● **DESCRIPTION OF THE TASK**
All pictures must be dropped, while the entries are given again word for word.

[[ PROVIDED INFORMATION open ]]

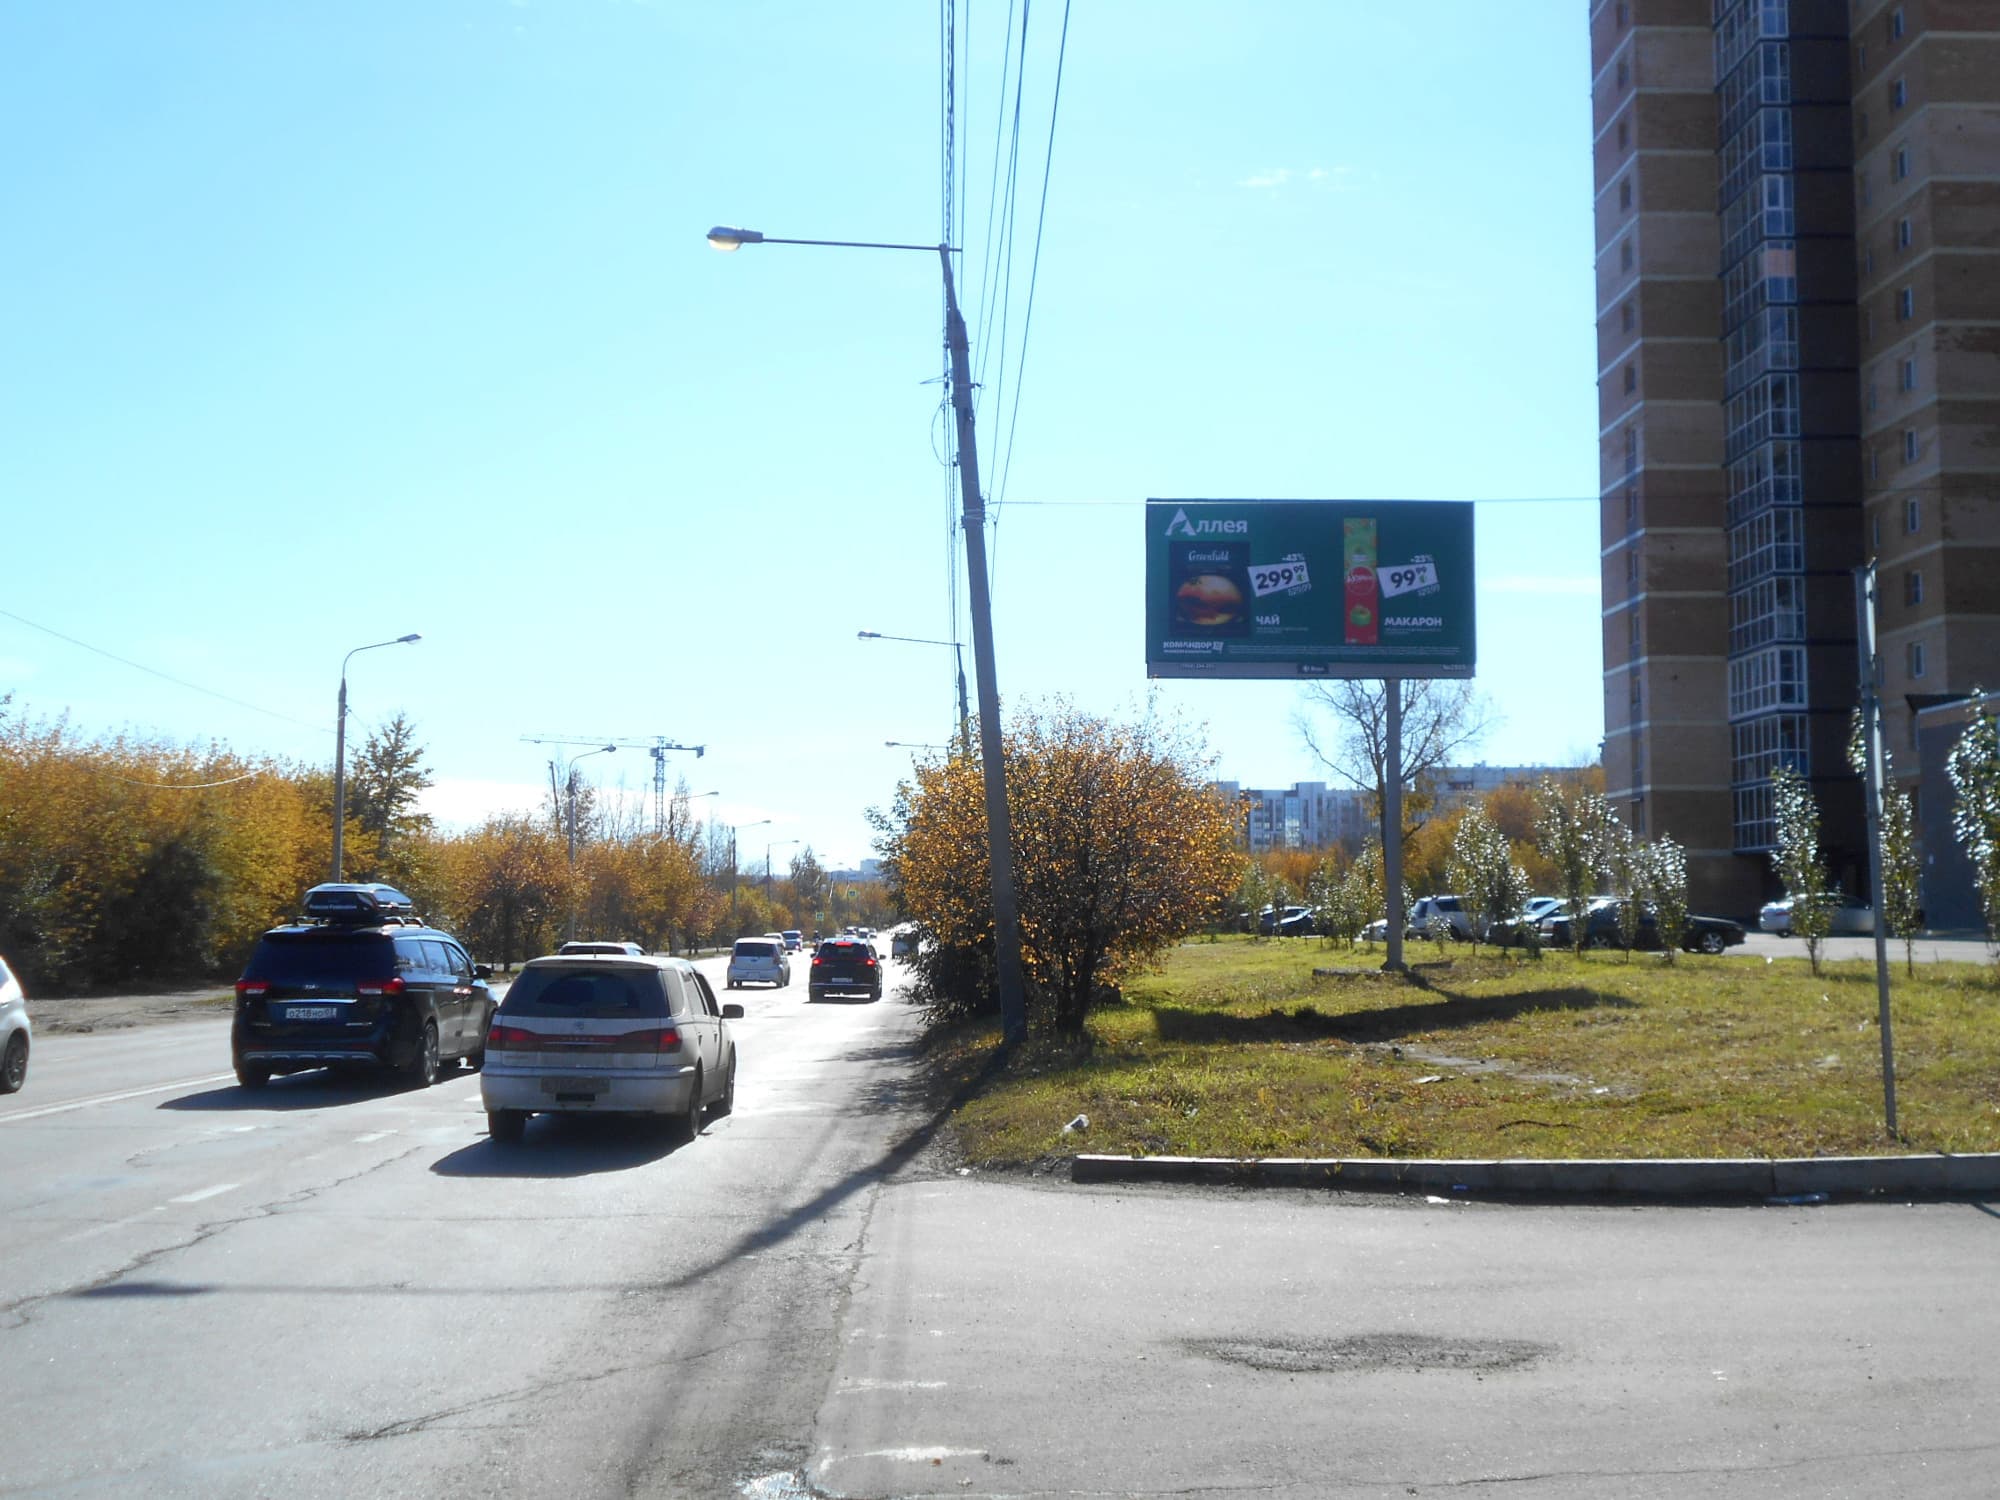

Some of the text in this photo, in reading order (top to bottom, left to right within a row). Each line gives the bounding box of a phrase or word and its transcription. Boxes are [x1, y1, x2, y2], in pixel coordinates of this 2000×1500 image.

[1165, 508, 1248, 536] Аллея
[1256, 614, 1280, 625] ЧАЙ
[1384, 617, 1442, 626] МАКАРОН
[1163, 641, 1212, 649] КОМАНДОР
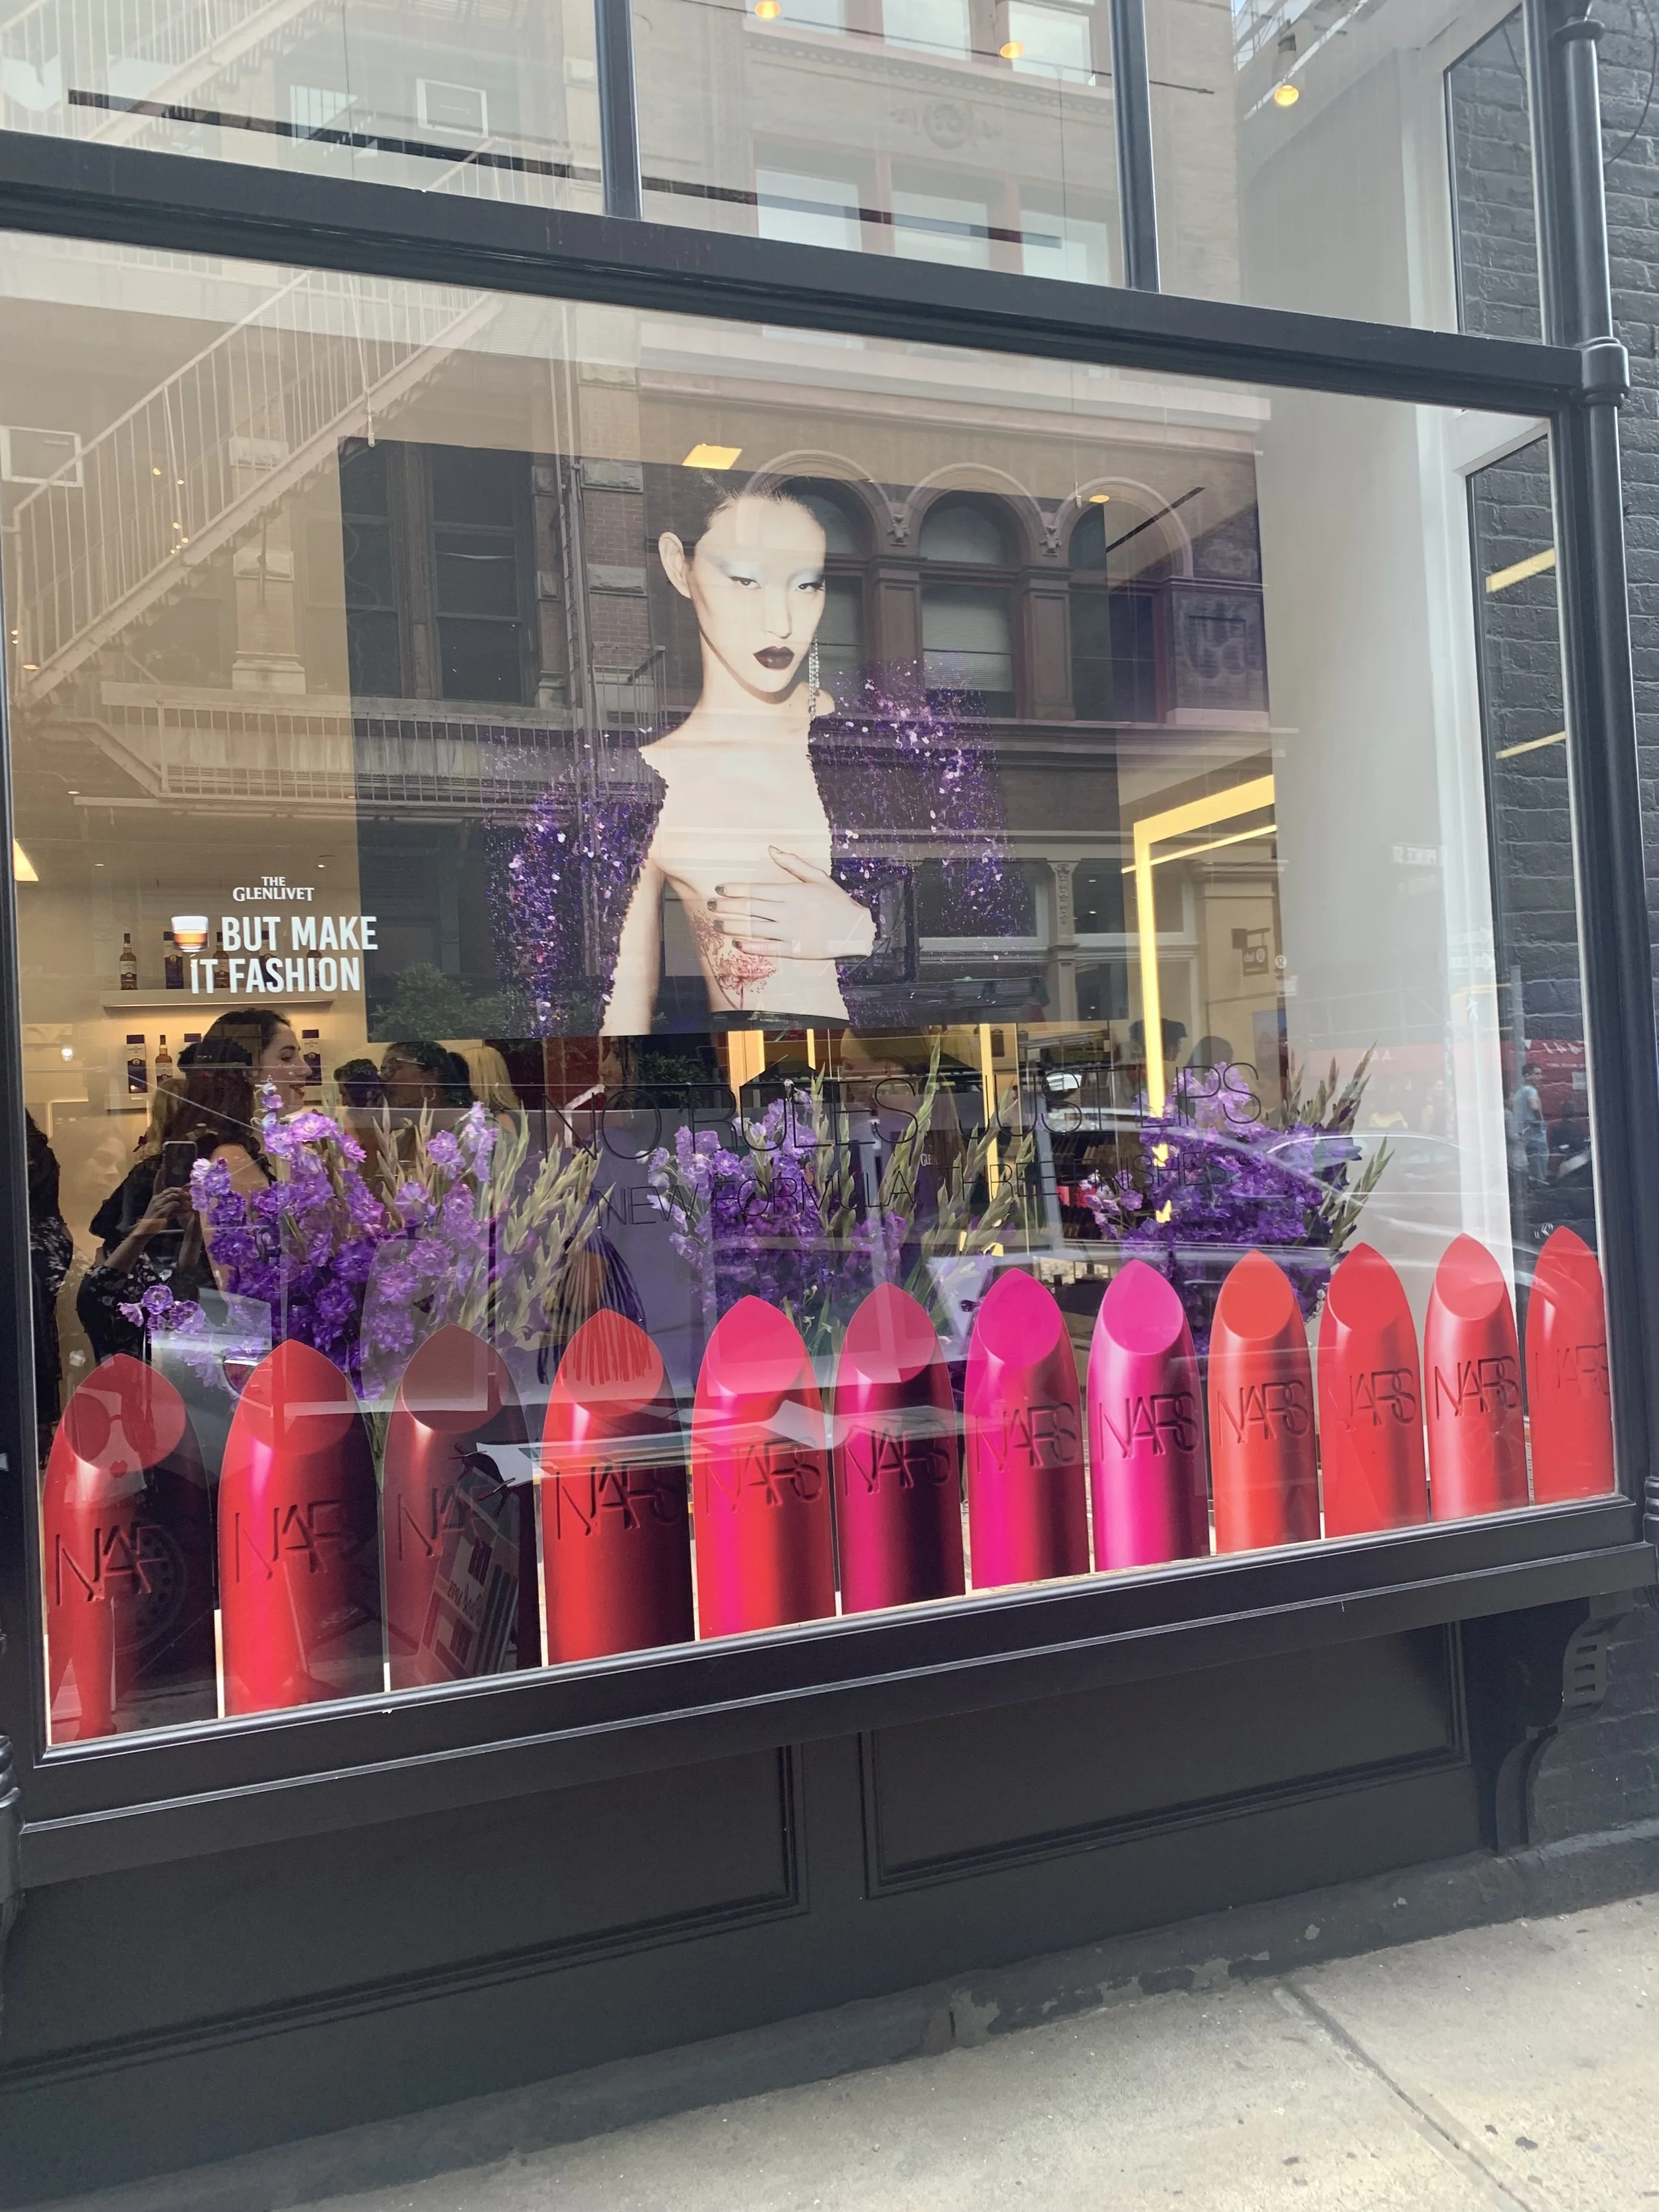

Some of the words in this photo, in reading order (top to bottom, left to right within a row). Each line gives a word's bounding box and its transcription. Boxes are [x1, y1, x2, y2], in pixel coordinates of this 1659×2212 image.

[[ PROVIDED INFORMATION closed ]]

● **RESPONSE**
Some of the text in this photo, in reading order (top to bottom, left to right within a row). Each line gives the bounding box of a phrase or word and its transcription. Boxes are [x1, y1, x2, y2], in pixel coordinates of this 2000×1500 image.

[1165, 508, 1248, 536] Аллея
[1256, 614, 1280, 625] ЧАЙ
[1384, 617, 1442, 626] МАКАРОН
[1163, 641, 1212, 649] КОМАНДОР

Some of the words in this photo, in reading order (top to bottom, left to right within a row). Each line gives a word's bounding box and its transcription. Boxes are [x1, y1, x2, y2], in pixel coordinates of this 1659×2212 image.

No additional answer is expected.